Don’t Breathe 2 releases on Friday, August 13 exclusively in theaters. The horror film once again stars Stephen Lang as the “Blind Man” Norman Nordstrom. He’s joined by Madelyn Grace and Brendan Sexton III. The film is written by Fede Alvarez and Rodo Sayagues with Sayagues directing.
“In Don’t Breathe, Norman Nordstrom (Stephen Lang) was underestimated by everyone because of his blindness: he revealed an unflinching will to survive and get what he wants… but also a monstrous, evil side of his personality, as nothing – no person or conscience – will stand in his way,” says the official synopsis. “Now, in Don’t Breathe 2, eight years later, Nordstrom lives with 11-year-old Phoenix; he has recreated the family that was stolen from him by a drunk driver and has found the twisted justice he’s always felt was his due. When intruders once again come to his home, this time focused on Phoenix, Norman will reveal for a second time what’s hidden inside him… and again, it will be in new and unexpected ways.”
ComingSoon’s Sabina Graves spoke with actor Stephen Lang about his portrayal of Nordstrom in Don’t Breathe 2, how he prepared for the role, and the nuance he puts into the character. Check out the video below or read the full transcription.
Sabina Graves: Your portrayal of Norman is always so chilling and in this one filled with so much nuance. I do want to talk about continuing this collaboration with Rodo this time at the helm, uh, what intrigued you about returning to the character?

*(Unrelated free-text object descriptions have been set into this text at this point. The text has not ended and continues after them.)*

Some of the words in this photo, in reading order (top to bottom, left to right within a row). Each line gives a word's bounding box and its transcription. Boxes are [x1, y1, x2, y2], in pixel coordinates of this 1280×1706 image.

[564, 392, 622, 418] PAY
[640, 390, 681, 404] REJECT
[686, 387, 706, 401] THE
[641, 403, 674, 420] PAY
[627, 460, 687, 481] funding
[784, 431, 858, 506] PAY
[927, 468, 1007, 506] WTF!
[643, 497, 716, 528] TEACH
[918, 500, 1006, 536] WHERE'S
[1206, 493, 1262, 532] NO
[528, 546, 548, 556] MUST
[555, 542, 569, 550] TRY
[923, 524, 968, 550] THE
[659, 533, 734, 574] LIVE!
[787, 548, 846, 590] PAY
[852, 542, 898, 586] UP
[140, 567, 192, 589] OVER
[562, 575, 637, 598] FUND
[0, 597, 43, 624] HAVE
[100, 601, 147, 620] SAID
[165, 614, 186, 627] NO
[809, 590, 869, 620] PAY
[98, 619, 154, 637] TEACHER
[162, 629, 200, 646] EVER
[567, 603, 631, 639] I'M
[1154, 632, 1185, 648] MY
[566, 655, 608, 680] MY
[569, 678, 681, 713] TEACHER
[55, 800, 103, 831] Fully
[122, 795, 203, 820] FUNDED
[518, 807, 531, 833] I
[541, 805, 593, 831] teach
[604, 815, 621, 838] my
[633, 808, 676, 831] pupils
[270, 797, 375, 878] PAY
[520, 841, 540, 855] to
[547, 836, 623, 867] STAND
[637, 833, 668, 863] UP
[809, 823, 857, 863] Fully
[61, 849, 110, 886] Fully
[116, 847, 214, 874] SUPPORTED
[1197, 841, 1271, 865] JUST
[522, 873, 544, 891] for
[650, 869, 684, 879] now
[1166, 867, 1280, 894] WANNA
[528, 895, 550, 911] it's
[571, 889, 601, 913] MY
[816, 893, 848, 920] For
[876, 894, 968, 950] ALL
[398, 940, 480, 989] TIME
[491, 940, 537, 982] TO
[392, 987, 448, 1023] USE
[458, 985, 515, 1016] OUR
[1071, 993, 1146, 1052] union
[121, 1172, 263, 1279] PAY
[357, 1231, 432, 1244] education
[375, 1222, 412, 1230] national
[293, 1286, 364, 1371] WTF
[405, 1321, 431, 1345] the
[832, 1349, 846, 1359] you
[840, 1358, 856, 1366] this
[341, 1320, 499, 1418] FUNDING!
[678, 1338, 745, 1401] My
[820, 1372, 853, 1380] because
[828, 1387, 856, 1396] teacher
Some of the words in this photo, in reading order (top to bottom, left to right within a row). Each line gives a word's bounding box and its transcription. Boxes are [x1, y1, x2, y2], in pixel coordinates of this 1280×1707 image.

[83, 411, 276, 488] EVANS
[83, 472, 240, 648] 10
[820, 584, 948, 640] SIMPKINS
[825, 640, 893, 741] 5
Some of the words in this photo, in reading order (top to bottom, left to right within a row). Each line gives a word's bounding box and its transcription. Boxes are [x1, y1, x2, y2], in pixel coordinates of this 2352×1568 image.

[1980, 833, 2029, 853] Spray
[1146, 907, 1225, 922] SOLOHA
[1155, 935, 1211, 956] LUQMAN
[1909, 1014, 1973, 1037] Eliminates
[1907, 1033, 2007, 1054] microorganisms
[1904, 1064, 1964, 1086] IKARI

Stephen Lang: I had a wonderful experience the first time out. It was fun in a very serious kind of way. I learned a lot and it was challenging and new unique. So the idea of going back was great. Not necessarily to repeat the experience, but to further develop and explore some new horizons. The idea of doing it with Rodo at the helm was absolutely intriguing to me. Because you know, Fede and Rodo are both extremely unique individuals, and at the same time, they operate very, very well as a team together. I thought Rodo did an absolutely splendid job directing this. He has a grasp of the language of cinema that really comes with being a veteran and this was his first time out. Of course, he did have the benefit of terrific producers and a wonderful team of designers, Fede being a kind of an off-screen voice, and of course, Pedro Luque who is a superb cinematographer and has really joined at the hip with both Fede and Rodo.
I wanted to ask about in the first film, Norman’s home is almost like his superpower. How did your research maybe change in making this character go out into the world and expand his skills to still be rooted in realism without him going to superpowers?
That’s just it. That’s it. You’re dead on. I never thought of it in terms of being his superpower, but he was in his domain and he could set the terms for anything that happens there. It seems to me. Now in this, it’s completely different in this one. So the preparation had to really encompass learning about orientation and mobility as a sightless person. So it was clear to me the work that had to be done, what had to be accomplished. I was very fortunate to find the right place to do that work and the right people to do that work with that being the Northeast Association for the Blind in Albany, New York, and their superb director of orientation and mobility, Samantha Gartland. I worked with her for weeks on what it meant to function usefully and effectively as a sightless person in environments that are new to you, how to orient oneself, how to move with some cautious independence, whatever it may be.
It’s interesting too, because I was doing this during the pandemic. So not only was I blindfolded, I also had a mask on. So I was really kind of bereft of my senses. A lot of it, it was fascinating.
I really found the relationship between Phoenix and Norman so intriguing in this film. Can you talk a bit about how maybe Norman’s motivations have changed by creating a found family?
Well, he views it as she, in a sense, Phoenix washes up on the shores of his life and that there’s gotta be a reason for that. It’s not a question of him being given a gift so much as him being handed a task and a responsibility. I think that he sees this as an avenue towards some type of redemption and that he really is tasked with this by the universe. There’s almost a classical, you can picture him as a very small man in a very large universe who spends most of his life shaking his fist at whatever it is that has brought this sea of troubles upon him. Now what it does, is it brings this little girl. It’s like, shut up, quit complaining and do your job, take care of this child. That’s how he processes it.